Electron microscopy as an emerging analytical tool for characterizing vaccines

Conference Dates

June 12-17, 2016


Characterization of nanoparticles and biologics is a critical step in the development of important new pharmaceutical products and biosimilars. Biologics pose unique characterization challenges that require an interdisciplinary approach in which several orthogonal methods are used to provide a complete picture. The physical characteristics of a biological product include properties such as the size, shape, morphology and aggregation state of the particles. These properties are often dependent on the specific environment of the particles and thus ideally must be assessed under conditions that reflect the final formulation of the pharmaceutical. Electron microscopy (EM) and in particular cryo-electron microscopy (cryoEM), has a unique advantage in that it provides a direct means of observing the individual particles in a sample, preserved in their natural hydrated state (cryoEM), simultaneously providing information on homogeneity, size distribution, titer, morphology, preservation state, flexibility, and aggregation state. For particles with a regular size and shape, particle averaging methods can provide 3D structural information, complementing X-ray crystallography analysis.

We will demonstrate the use of EM as an analytical and structural characterization tool by presenting a number of case studies as highlights.
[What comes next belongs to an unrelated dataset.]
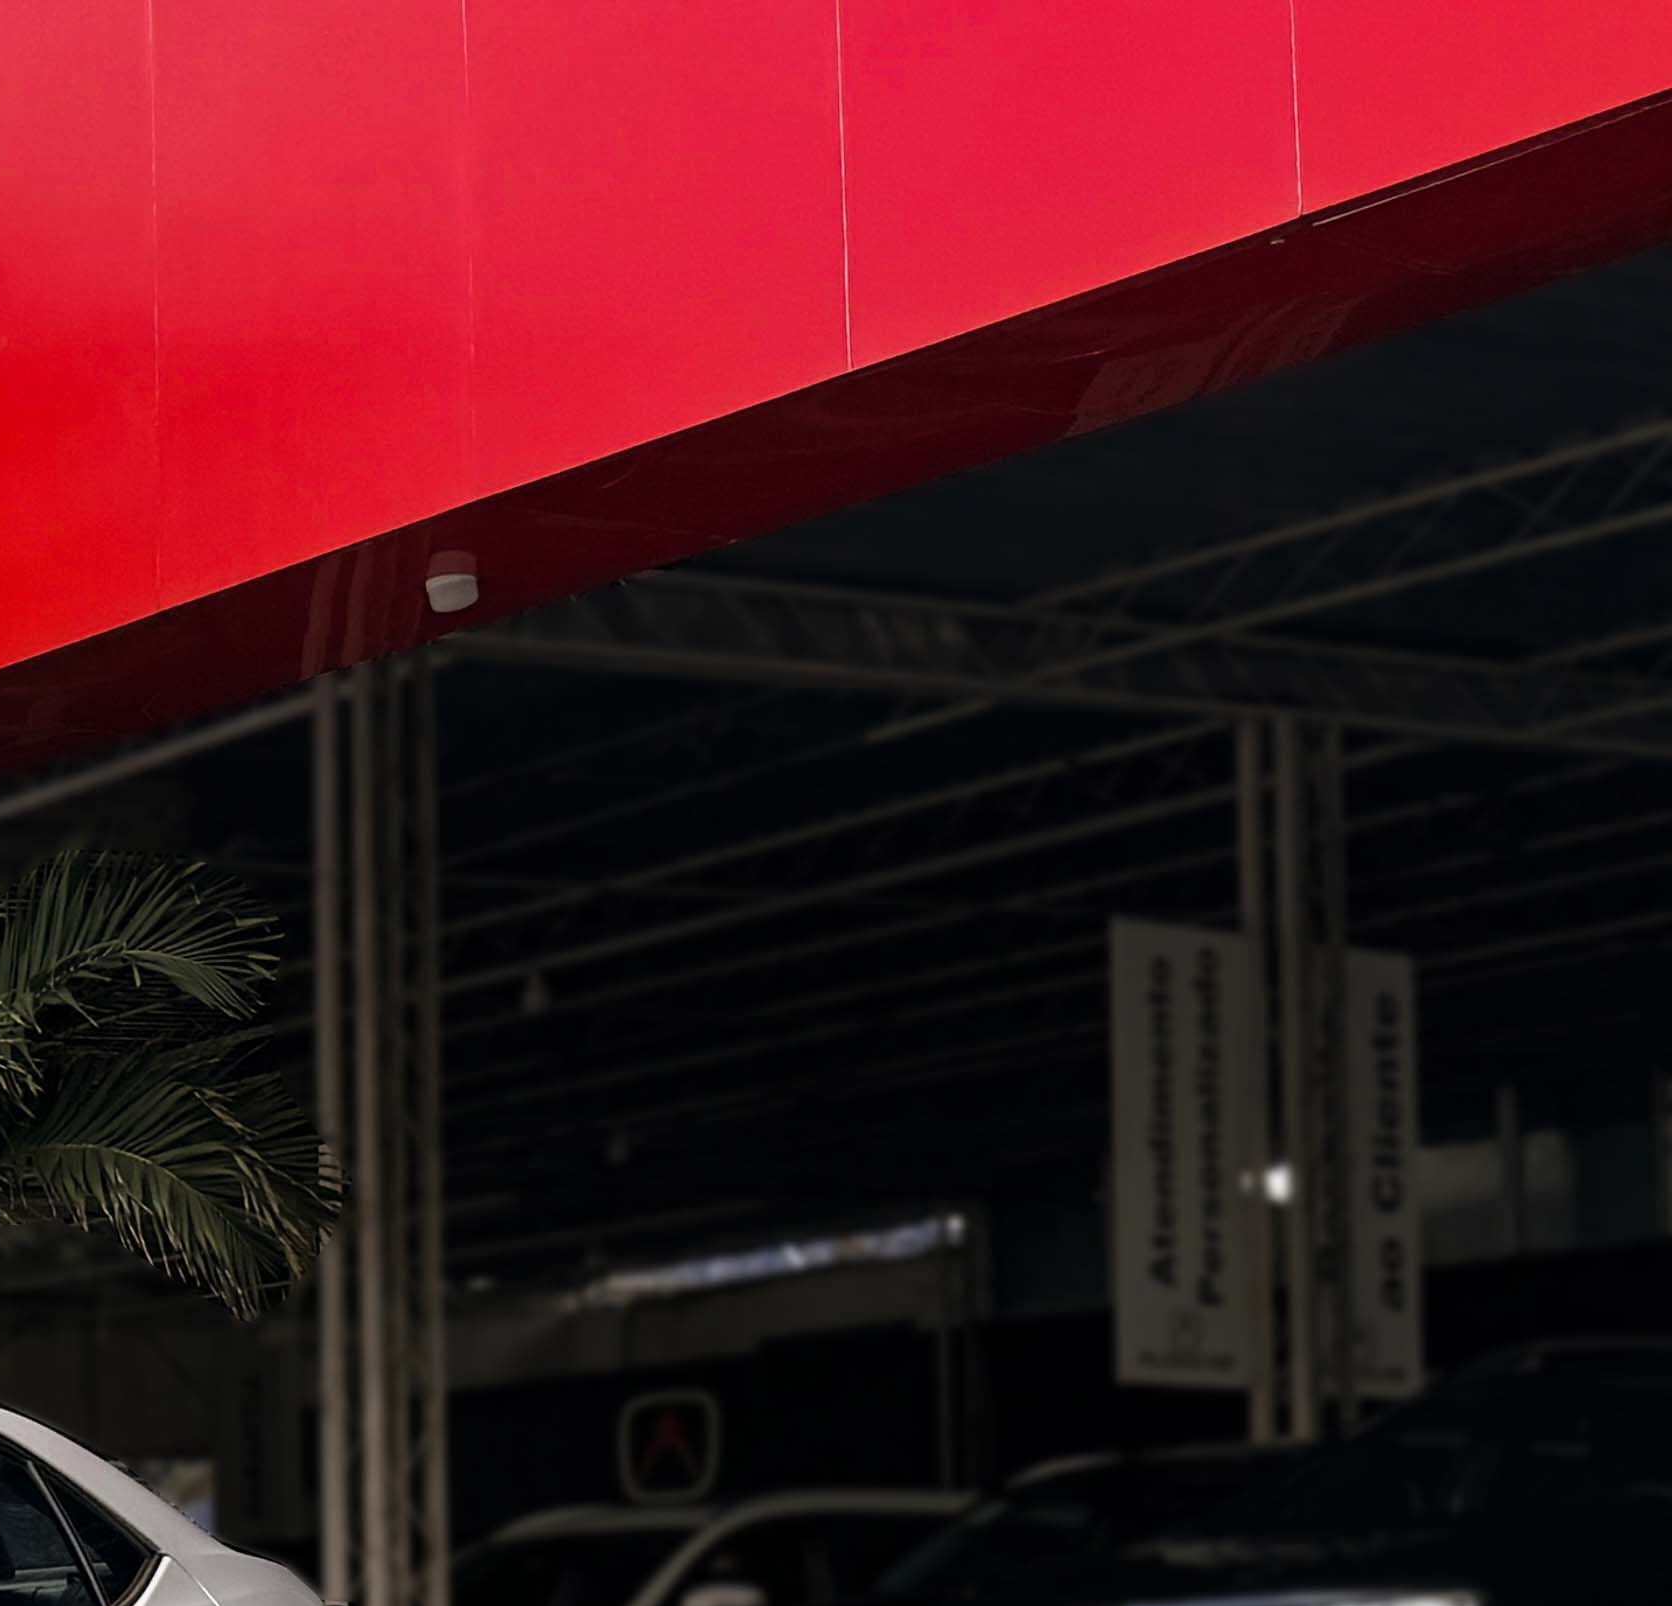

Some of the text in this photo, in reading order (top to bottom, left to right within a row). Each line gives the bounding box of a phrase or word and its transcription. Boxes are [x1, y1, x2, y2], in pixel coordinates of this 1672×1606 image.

[1147, 954, 1176, 1289] Atendimento
[1194, 946, 1223, 1306] Personalizado
[1371, 991, 1401, 1214] Cliente
Specifically, we will discuss the characterization of Human Papilloma Virus (HPV) VLPs in GARDASIL®, including the structure of the VLPs alone, on adjuvants, and when interacting with neutralizing antibodies [1]. We will also show how TEM was used as a non-intrusive tool to understand the structure and function of Hepatitis B surface antigen (rHBsAg) VLPs, the active component in the HBV vaccine [2]. We will furthermore demonstrate how TEM can be used to provide supporting information for characterization of a biosimilar drug delivery nanoparticle, a recombinant tuberculosis vaccine antigen, interacting with a lipid-based adjuvant [3], and a bi-specific, tetravalent immunoglobulin G-like molecule [4].


[1] Zhao Q, et al. 2013. Characterization of virus-like particles in GARDASIL(R) by cryo transmission electron microscopy. Hum Vaccin Immunother.10:1-6.
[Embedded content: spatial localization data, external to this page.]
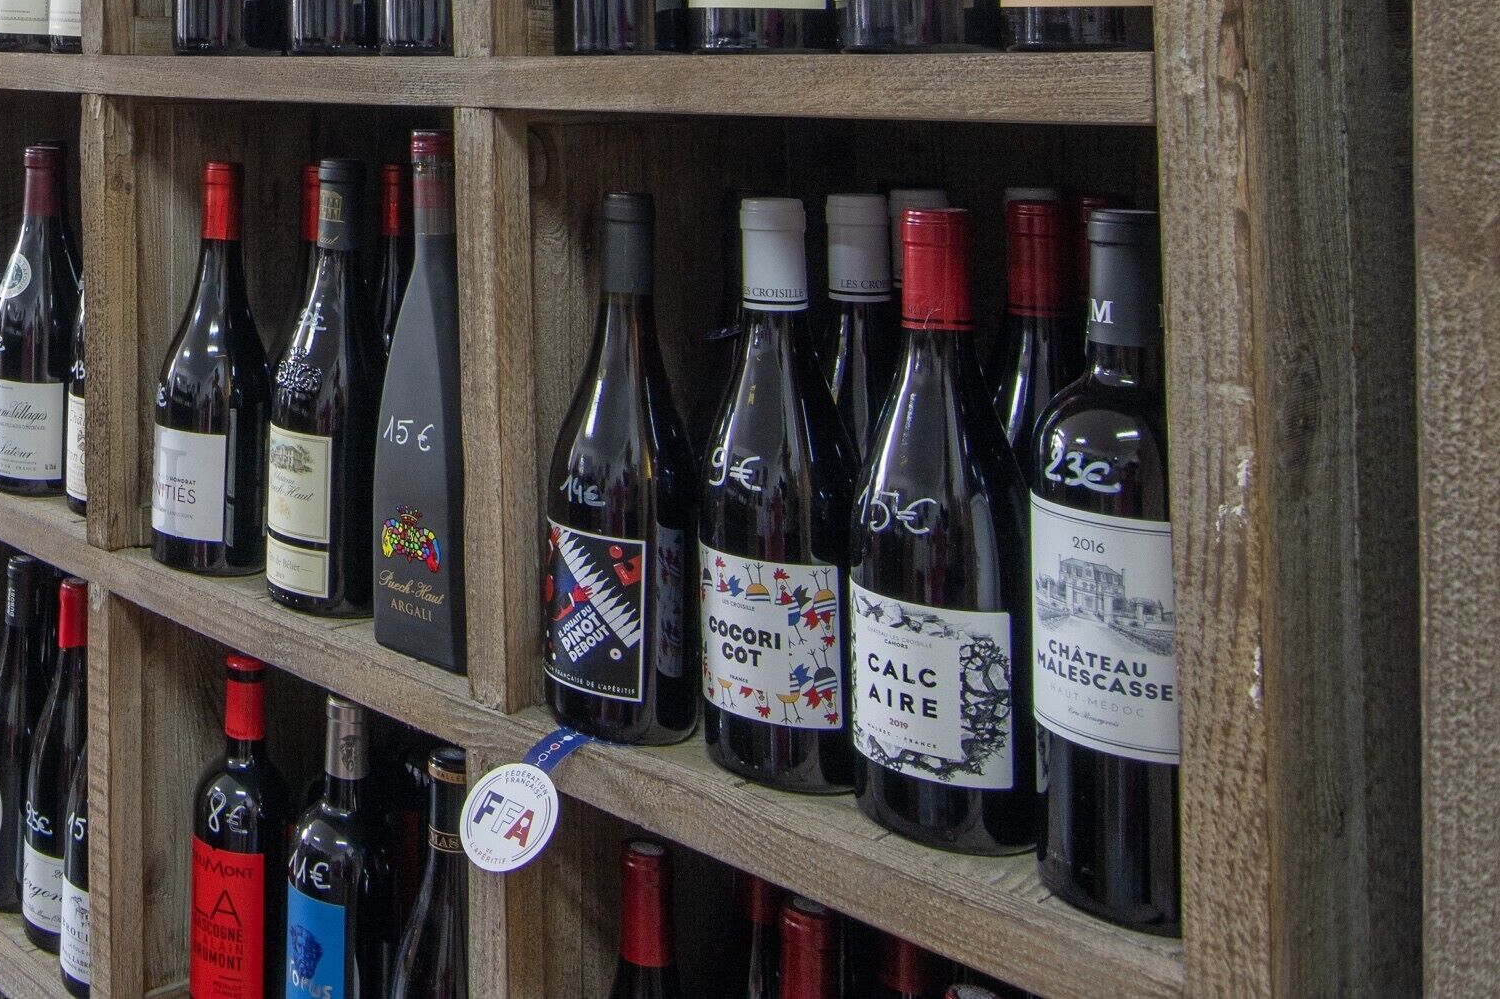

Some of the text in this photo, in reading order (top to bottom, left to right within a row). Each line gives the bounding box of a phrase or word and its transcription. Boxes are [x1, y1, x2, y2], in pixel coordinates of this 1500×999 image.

[1090, 298, 1114, 325] M
[1044, 447, 1122, 494] 23€
[559, 476, 606, 507] 14€
[858, 484, 938, 535] 15€
[1072, 535, 1106, 555] 2016
[390, 598, 433, 623] ARGALI
[561, 610, 603, 652] PINOT
[568, 622, 610, 664] DEBOUT
[708, 614, 782, 651] COCORI
[721, 641, 763, 668] COT
[867, 652, 939, 690] CALC
[1048, 638, 1148, 679] CHÂTEAU
[1037, 648, 1174, 703] MALESCASSE
[867, 682, 939, 719] AIRE
[888, 717, 909, 731] 2019
[505, 769, 549, 796] FÉDÉRATION
[505, 777, 543, 799] FRANÇAISE
[473, 790, 535, 848] FFA
[469, 841, 507, 865] L'APÉRITIF
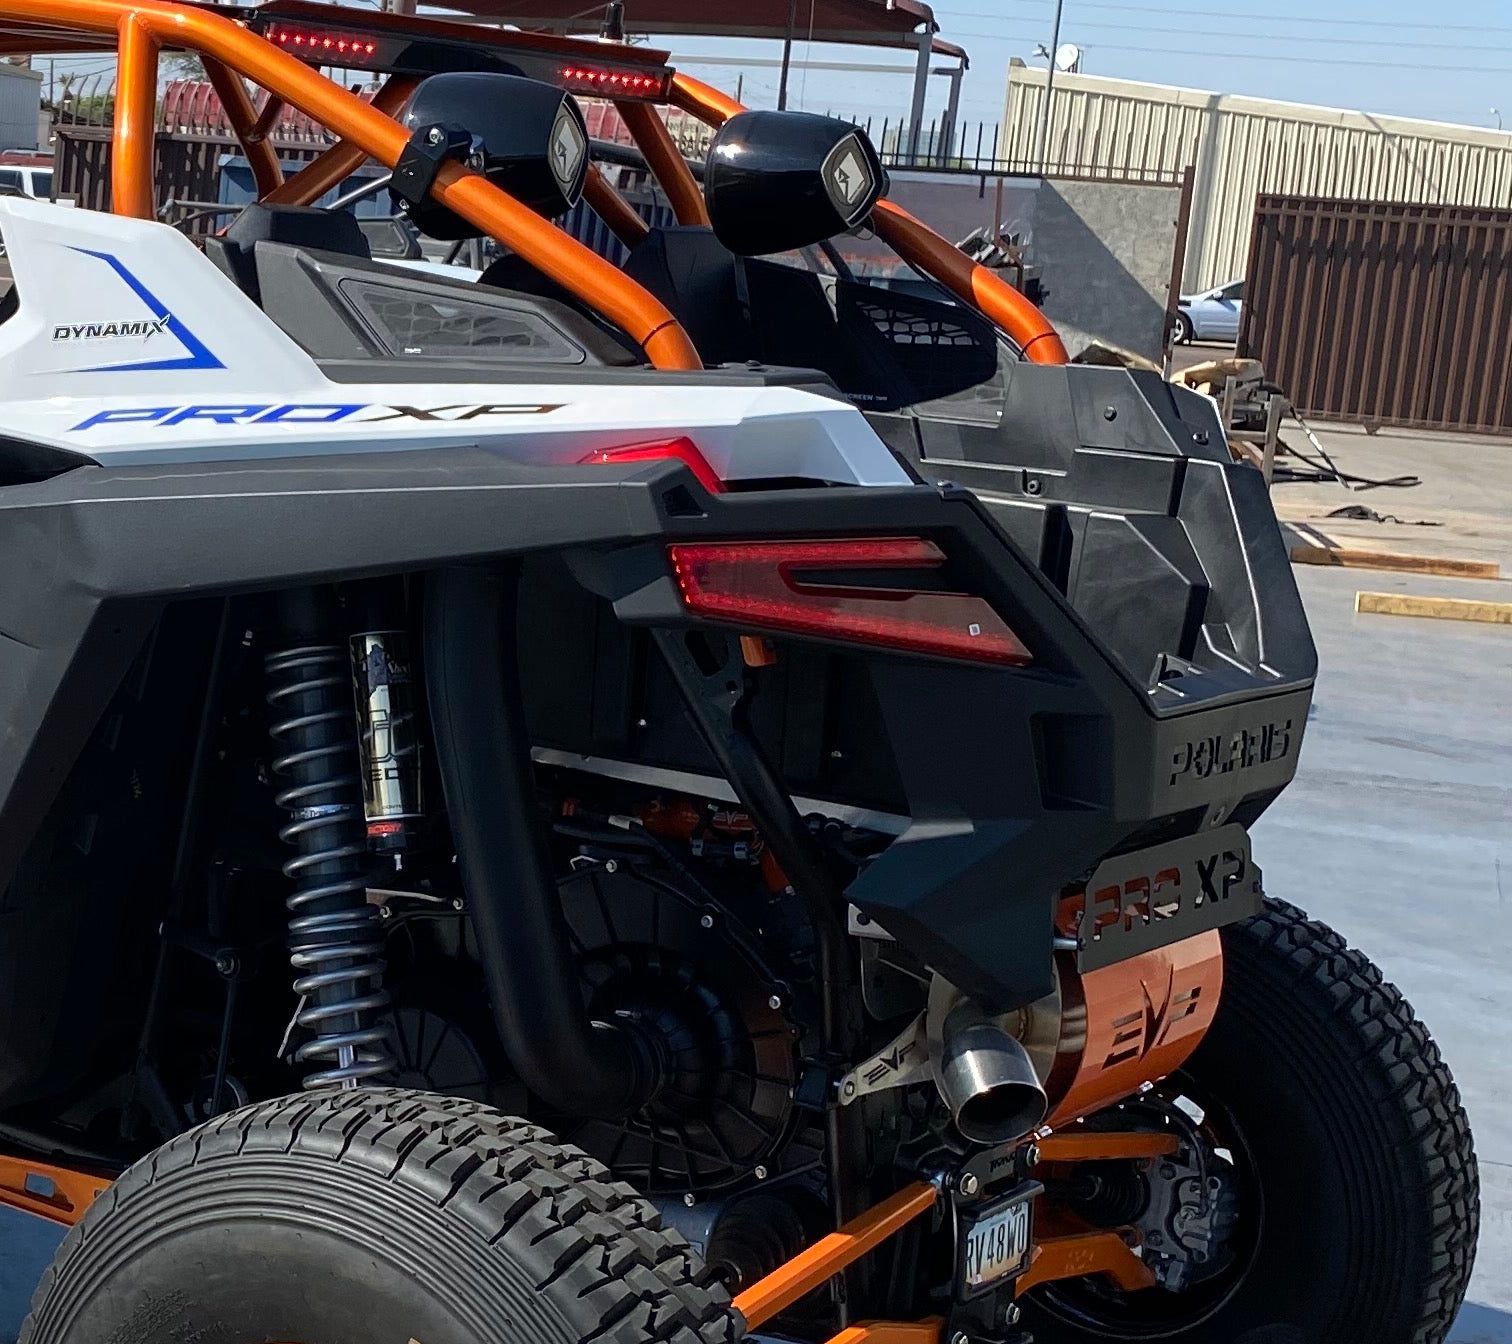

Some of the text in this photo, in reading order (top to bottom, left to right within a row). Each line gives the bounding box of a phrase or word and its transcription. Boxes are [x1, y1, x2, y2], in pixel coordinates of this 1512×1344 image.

[52, 312, 172, 343] DYNAMIX
[1168, 719, 1292, 786] POLARIS
[1092, 847, 1245, 942] PRO XP
[2] Mulder AM, et al. 2012. Toolbox for non-intrusive structural and functional analysis of recombinant VLP based vaccines: a case study with hepatitis B vaccine. PLoS One 7:e33235.

[3] Fox CB, et al. 2014. Cryogenic transmission electron microscopy of recombinant tuberculosis vaccine antigen with anionic liposomes reveals formation of flattened liposomes. Int J Nanomedicine 9:1367-77.

[4] Correia I, et al. 2013.The structure of dual-variable-domain immunoglobulin molecules alone and bound to antigen. MAbs. 5:364-72.